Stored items
□ □ □ □ □

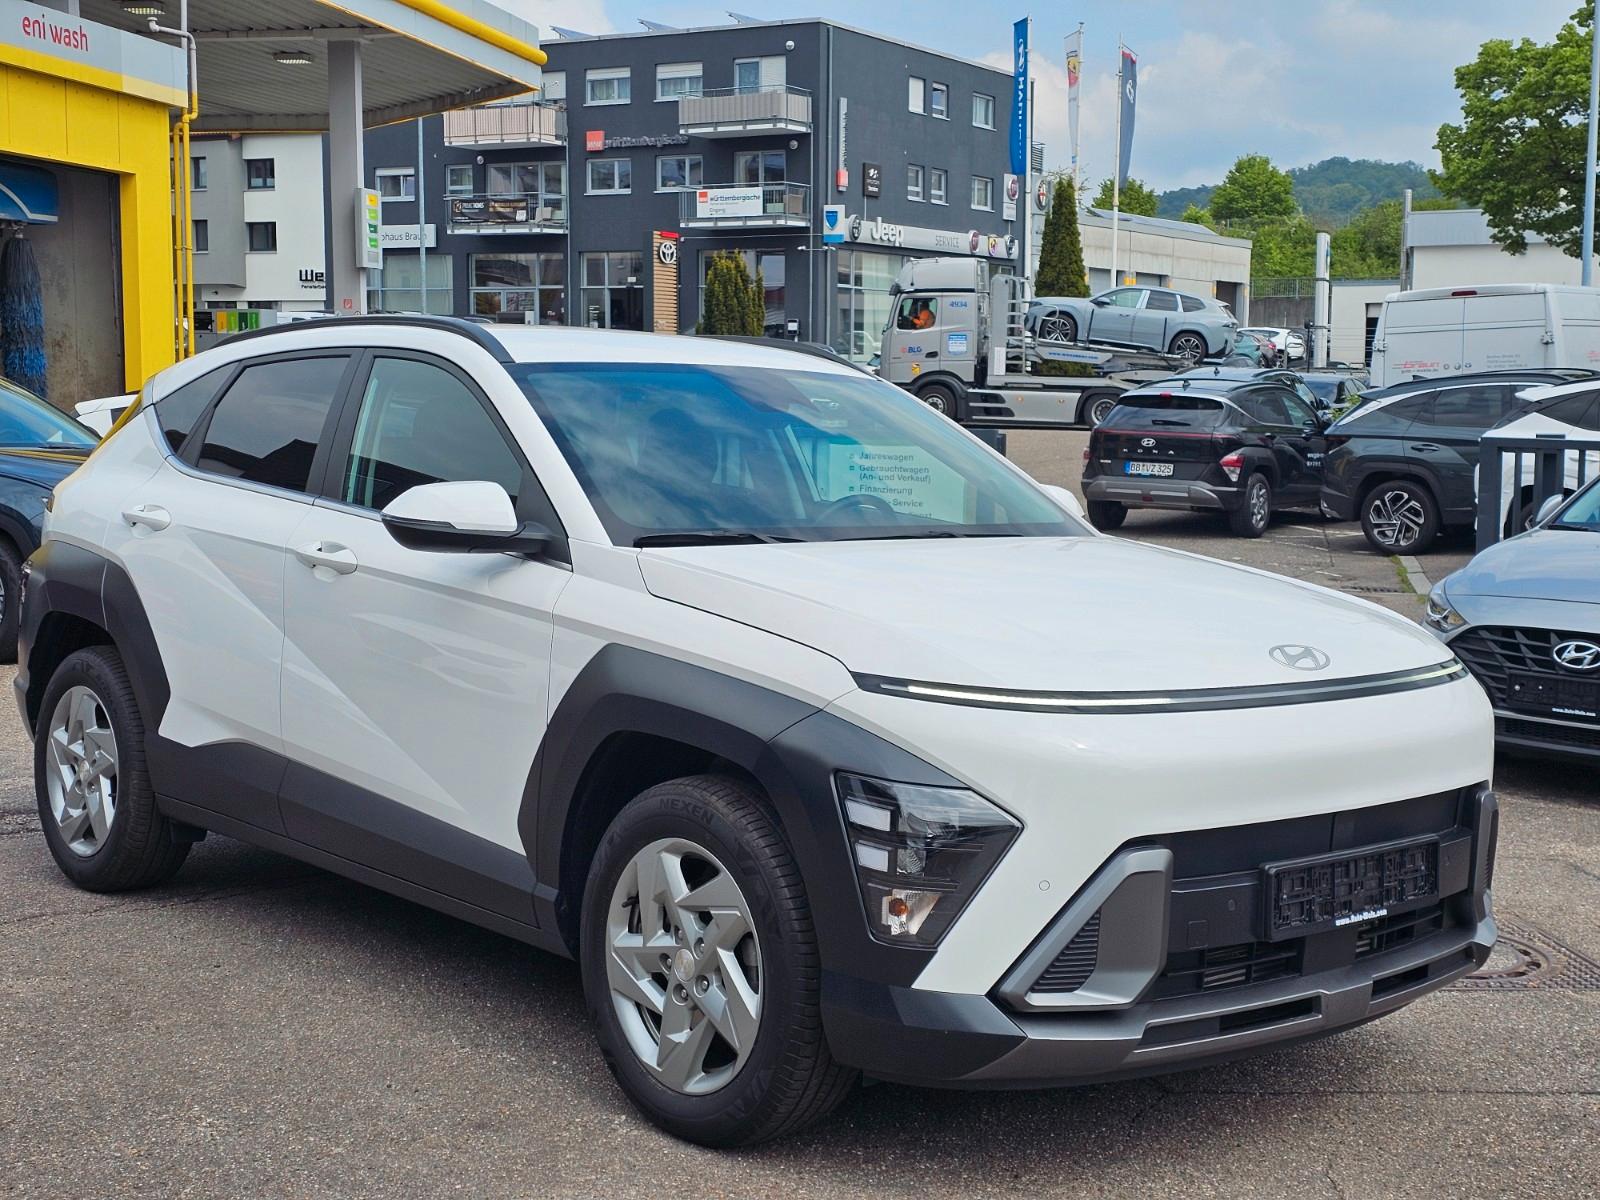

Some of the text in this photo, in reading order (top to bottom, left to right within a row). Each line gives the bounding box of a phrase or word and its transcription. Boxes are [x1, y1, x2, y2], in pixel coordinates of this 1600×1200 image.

[22, 13, 89, 52] eni wash
[871, 216, 960, 249] Jeep SERVICE
[907, 346, 922, 354] BLG
[859, 452, 914, 462] Jahreswagen
[859, 465, 929, 475] Gebrauchtwagen
[1146, 464, 1156, 473] VZ
[1157, 465, 1172, 474] 325
[860, 473, 877, 481] (An-
[897, 474, 932, 484] Verkauf)
[859, 484, 913, 495] Finanzierung
[658, 798, 715, 825] NEXEN

□ □ □ □ □

TASK STATEMENT:
Copy the records above exactly. The pictures are not part of the copy.

ANSWER SECTION:
Some of the text in this photo, in reading order (top to bottom, left to right within a row). Each line gives the bounding box of a phrase or word and its transcription. Boxes are [x1, y1, x2, y2], in pixel coordinates of this 1600×1200 image.

[22, 13, 89, 52] eni wash
[871, 216, 960, 249] Jeep SERVICE
[907, 346, 922, 354] BLG
[859, 452, 914, 462] Jahreswagen
[859, 465, 929, 475] Gebrauchtwagen
[1146, 464, 1156, 473] VZ
[1157, 465, 1172, 474] 325
[860, 473, 877, 481] (An-
[897, 474, 932, 484] Verkauf)
[859, 484, 913, 495] Finanzierung
[658, 798, 715, 825] NEXEN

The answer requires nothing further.